AS716 - Feasibility of RNA sequencing using archival tumor specimens collected in WHI LILAC

Investigator Names and Contact Information

Aditi Hazra (ahazra@hsph.harvard.edu)

Introduction/Intent

Breast cancer is the most common site of cancer among women worldwide (with an estimated 2.3 million new cases worldwide). Knowledge of the relationship between etiologic drivers of breast carcinogenesis, such as germline genetic variants and lifestyle risk factors (e.g. body mass index, hormone therapy use, co-morbidities), tumor features (nuclear grade) and breast tissue gene expression are critical to improve our understanding of the underlying biological mechanisms that result in diagnosis with aggressive breast cancer, which is more prevalent among women of color. However, these relations have not been systematically studied in a racially diverse and inclusive breast cancer population with extensive epidemiologic covariate data. We propose pilot aims to evaluate the feasibility of using archival, formalin-fixed paraffin embedded (FFPE) tissue from the Women’s Health Initiative (WHI) Life and Longevity After Cancer (LILAC) study for bulk RNA sequencing. Pilot data will inform the feasibility of conducting a larger transcriptome study to identify gene signatures associated with stage and subtype-specific prognosis and outcomes using the WHI LILAC tissue specimens and breast cancer covariate data. The deliverable from this feasibility study will be quality control data (including FastQC report and PCA for the technical replicates and similarity of gene expression profiles). The results of the pilot study (n=12 samples) may catalyze future validation and consortium analyses (e.g., with Southern Community Cohort, Carolina Breast Cancer Study, and/or the AMBER consortium) to better understand gene signatures associated with stage and subtype-specific prognosis and inform precision treatment.

Specific Aims

Pilot Aim 1. Develop collaborations with WHI LILAC investigators, including senior cancer epidemiologists, oncologists to identify and acquire 12 breast tumor blocks with sufficient tumor cells for sequencing, in replicate.
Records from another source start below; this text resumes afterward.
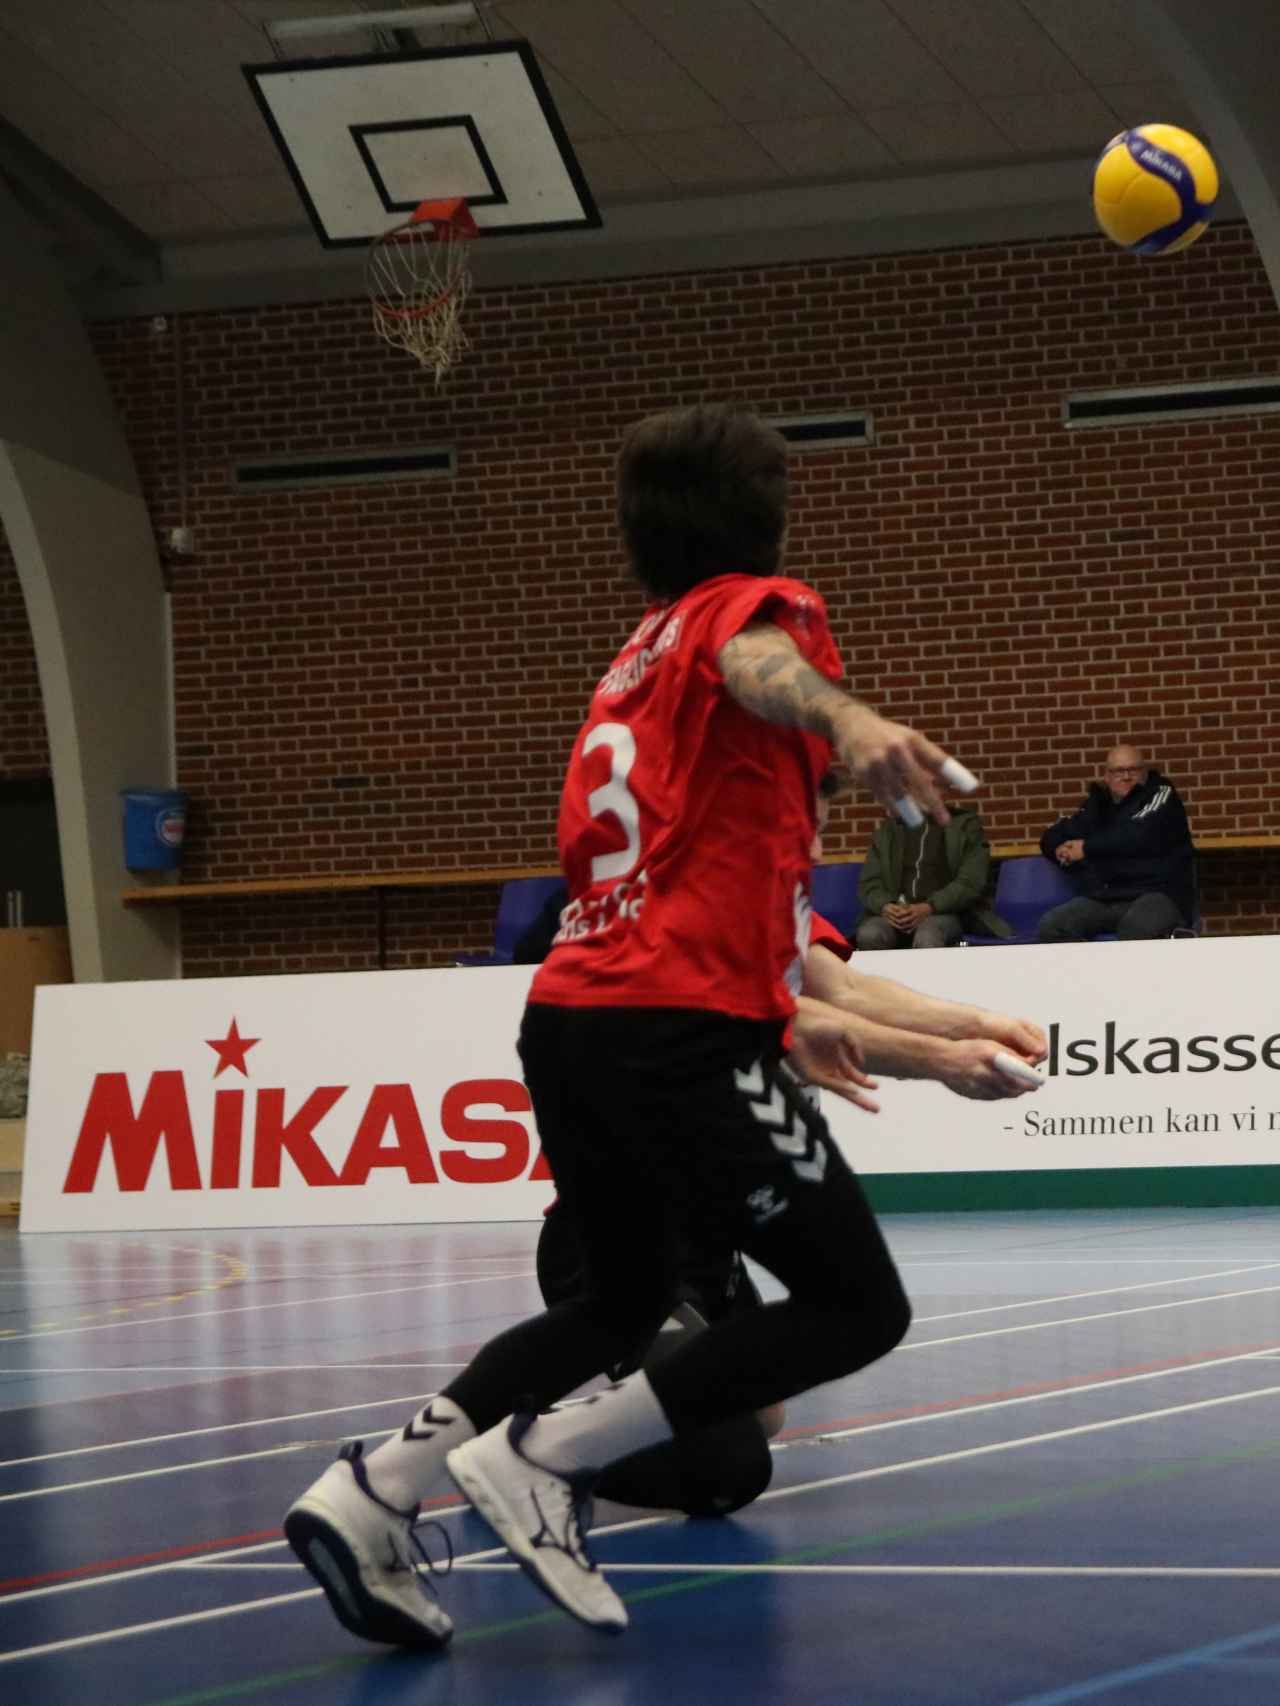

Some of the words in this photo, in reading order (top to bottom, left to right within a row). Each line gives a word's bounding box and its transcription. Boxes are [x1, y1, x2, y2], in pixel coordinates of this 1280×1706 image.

[581, 722, 640, 882] 3
[62, 1070, 554, 1194] MIKAS
[1024, 1110, 1155, 1137] Sammen
[1166, 1107, 1220, 1133] kan
[1231, 1105, 1256, 1131] vi
Pilot Aim 2. Evaluate quality control data including FFPE specimen quality, RNA integrity, and library preparation for sequencing (n=12 breast cancer blocks and unstained slides, including 6 stage I or II cases and 6 stage III or IV cases; if possible including representative estrogen receptor positive and negative samples). The pilot data will inform the feasibility of conducting a larger transcriptome study using the WHI LILAC tissue specimens and breast cancer covariate data (AS607). The overarching goal of the future study is identify stage and subtype-specific gene signatures associated with breast cancer prognosis and outcomes in an inclusive study population.